§ **Exercise brief**
What do the lines from the one containing "this 1667×1667 image." through the end of the entries say? Quote them exactly, and only them.

§ **Source data**
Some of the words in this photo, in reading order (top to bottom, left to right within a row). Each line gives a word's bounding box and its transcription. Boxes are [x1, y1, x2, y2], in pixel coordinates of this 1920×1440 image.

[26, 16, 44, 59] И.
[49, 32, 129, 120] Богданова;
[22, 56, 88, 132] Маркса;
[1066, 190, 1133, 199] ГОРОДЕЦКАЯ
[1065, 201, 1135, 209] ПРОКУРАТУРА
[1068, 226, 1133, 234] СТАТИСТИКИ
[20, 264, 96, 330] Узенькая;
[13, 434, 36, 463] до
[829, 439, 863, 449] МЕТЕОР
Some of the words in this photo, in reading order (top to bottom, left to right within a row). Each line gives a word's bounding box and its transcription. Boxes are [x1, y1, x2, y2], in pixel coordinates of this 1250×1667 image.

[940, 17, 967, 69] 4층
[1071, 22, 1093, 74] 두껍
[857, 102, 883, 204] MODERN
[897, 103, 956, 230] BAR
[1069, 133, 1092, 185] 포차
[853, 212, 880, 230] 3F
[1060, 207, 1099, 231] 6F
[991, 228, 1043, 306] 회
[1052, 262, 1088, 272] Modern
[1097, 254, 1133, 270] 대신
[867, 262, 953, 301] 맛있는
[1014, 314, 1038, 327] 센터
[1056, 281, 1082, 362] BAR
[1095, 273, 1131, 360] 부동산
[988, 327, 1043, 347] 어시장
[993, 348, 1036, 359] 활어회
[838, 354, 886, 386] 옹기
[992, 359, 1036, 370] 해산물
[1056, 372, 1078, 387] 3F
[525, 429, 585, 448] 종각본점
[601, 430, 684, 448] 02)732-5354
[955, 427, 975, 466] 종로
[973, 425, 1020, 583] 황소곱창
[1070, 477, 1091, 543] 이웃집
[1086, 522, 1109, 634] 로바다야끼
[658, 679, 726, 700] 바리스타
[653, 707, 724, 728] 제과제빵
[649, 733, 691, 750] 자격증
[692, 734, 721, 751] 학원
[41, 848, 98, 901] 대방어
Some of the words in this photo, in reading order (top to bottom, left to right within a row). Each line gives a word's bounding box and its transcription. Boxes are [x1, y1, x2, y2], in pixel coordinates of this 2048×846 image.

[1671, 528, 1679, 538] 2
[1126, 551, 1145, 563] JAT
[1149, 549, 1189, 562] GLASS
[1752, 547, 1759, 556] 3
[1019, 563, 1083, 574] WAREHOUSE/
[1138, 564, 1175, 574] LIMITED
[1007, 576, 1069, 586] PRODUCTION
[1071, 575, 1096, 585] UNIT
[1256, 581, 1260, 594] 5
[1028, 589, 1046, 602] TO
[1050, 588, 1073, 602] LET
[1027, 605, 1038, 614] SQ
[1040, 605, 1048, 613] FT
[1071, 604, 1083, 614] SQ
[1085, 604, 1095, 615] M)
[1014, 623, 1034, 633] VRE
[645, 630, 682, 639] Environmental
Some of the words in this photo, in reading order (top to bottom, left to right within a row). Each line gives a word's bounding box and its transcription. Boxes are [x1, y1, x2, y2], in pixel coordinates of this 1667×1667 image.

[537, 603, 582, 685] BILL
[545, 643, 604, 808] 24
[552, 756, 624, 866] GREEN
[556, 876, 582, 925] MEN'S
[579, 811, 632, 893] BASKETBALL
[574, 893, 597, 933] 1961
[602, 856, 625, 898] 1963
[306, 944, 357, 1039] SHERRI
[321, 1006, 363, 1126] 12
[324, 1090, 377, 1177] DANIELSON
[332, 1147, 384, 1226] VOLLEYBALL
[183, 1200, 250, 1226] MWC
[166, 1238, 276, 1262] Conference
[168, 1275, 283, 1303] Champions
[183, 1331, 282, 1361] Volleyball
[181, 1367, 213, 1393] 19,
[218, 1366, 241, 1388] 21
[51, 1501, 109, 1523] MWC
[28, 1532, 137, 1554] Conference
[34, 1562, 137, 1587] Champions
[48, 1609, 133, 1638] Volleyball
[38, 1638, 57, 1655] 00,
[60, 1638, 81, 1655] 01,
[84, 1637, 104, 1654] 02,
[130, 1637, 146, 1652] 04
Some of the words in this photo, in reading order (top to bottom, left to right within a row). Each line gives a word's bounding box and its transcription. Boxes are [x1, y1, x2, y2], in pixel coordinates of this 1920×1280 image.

§ **Exercise response**
Some of the words in this photo, in reading order (top to bottom, left to right within a row). Each line gives a word's bounding box and its transcription. Boxes are [x1, y1, x2, y2], in pixel coordinates of this 1667×1667 image.

[537, 603, 582, 685] BILL
[545, 643, 604, 808] 24
[552, 756, 624, 866] GREEN
[556, 876, 582, 925] MEN'S
[579, 811, 632, 893] BASKETBALL
[574, 893, 597, 933] 1961
[602, 856, 625, 898] 1963
[306, 944, 357, 1039] SHERRI
[321, 1006, 363, 1126] 12
[324, 1090, 377, 1177] DANIELSON
[332, 1147, 384, 1226] VOLLEYBALL
[183, 1200, 250, 1226] MWC
[166, 1238, 276, 1262] Conference
[168, 1275, 283, 1303] Champions
[183, 1331, 282, 1361] Volleyball
[181, 1367, 213, 1393] 19,
[218, 1366, 241, 1388] 21
[51, 1501, 109, 1523] MWC
[28, 1532, 137, 1554] Conference
[34, 1562, 137, 1587] Champions
[48, 1609, 133, 1638] Volleyball
[38, 1638, 57, 1655] 00,
[60, 1638, 81, 1655] 01,
[84, 1637, 104, 1654] 02,
[130, 1637, 146, 1652] 04
Some of the words in this photo, in reading order (top to bottom, left to right within a row). Each line gives a word's bounding box and its transcription. Boxes are [x1, y1, x2, y2], in pixel coordinates of this 1920×1280 image.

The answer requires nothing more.